Work to be completed:
Restate, word for word and with nothing added, the lines from the one containing "this 1496×1000 image." through the last line of the material below.

Records:
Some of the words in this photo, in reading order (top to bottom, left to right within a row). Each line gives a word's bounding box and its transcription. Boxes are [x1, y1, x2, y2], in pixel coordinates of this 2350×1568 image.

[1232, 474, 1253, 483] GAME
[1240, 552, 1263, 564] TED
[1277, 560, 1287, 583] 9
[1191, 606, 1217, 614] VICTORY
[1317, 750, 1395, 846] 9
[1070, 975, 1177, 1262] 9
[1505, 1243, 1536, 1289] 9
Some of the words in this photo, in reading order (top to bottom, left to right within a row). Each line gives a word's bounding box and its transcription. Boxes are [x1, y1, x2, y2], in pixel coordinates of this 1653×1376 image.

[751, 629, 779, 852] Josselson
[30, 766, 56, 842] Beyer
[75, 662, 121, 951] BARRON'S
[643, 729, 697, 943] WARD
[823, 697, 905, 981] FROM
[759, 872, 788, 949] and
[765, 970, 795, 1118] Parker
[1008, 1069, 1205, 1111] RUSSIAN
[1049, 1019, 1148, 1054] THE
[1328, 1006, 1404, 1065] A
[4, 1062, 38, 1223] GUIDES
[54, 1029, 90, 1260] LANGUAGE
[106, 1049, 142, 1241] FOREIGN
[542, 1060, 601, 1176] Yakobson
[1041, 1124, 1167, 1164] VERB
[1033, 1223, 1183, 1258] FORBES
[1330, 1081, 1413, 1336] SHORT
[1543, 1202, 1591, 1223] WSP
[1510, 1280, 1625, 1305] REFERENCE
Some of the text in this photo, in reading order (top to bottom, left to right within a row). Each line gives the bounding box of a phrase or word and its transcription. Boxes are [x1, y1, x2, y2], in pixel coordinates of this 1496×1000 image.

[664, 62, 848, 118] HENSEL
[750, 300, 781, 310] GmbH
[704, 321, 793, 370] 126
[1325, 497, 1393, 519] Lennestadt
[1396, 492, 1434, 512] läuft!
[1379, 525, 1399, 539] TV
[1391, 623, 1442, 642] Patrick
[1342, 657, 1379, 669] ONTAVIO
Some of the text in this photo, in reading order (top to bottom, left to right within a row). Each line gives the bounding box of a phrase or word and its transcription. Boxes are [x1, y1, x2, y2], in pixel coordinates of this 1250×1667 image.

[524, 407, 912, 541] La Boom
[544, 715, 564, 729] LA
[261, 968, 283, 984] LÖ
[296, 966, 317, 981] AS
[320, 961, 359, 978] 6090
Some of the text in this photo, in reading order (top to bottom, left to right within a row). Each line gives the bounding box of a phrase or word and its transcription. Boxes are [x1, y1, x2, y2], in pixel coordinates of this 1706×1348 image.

Answer space:
Some of the text in this photo, in reading order (top to bottom, left to right within a row). Each line gives the bounding box of a phrase or word and its transcription. Boxes are [x1, y1, x2, y2], in pixel coordinates of this 1496×1000 image.

[664, 62, 848, 118] HENSEL
[750, 300, 781, 310] GmbH
[704, 321, 793, 370] 126
[1325, 497, 1393, 519] Lennestadt
[1396, 492, 1434, 512] läuft!
[1379, 525, 1399, 539] TV
[1391, 623, 1442, 642] Patrick
[1342, 657, 1379, 669] ONTAVIO
Some of the text in this photo, in reading order (top to bottom, left to right within a row). Each line gives the bounding box of a phrase or word and its transcription. Boxes are [x1, y1, x2, y2], in pixel coordinates of this 1250×1667 image.

[524, 407, 912, 541] La Boom
[544, 715, 564, 729] LA
[261, 968, 283, 984] LÖ
[296, 966, 317, 981] AS
[320, 961, 359, 978] 6090
Some of the text in this photo, in reading order (top to bottom, left to right within a row). Each line gives the bounding box of a phrase or word and its transcription. Boxes are [x1, y1, x2, y2], in pixel coordinates of this 1706×1348 image.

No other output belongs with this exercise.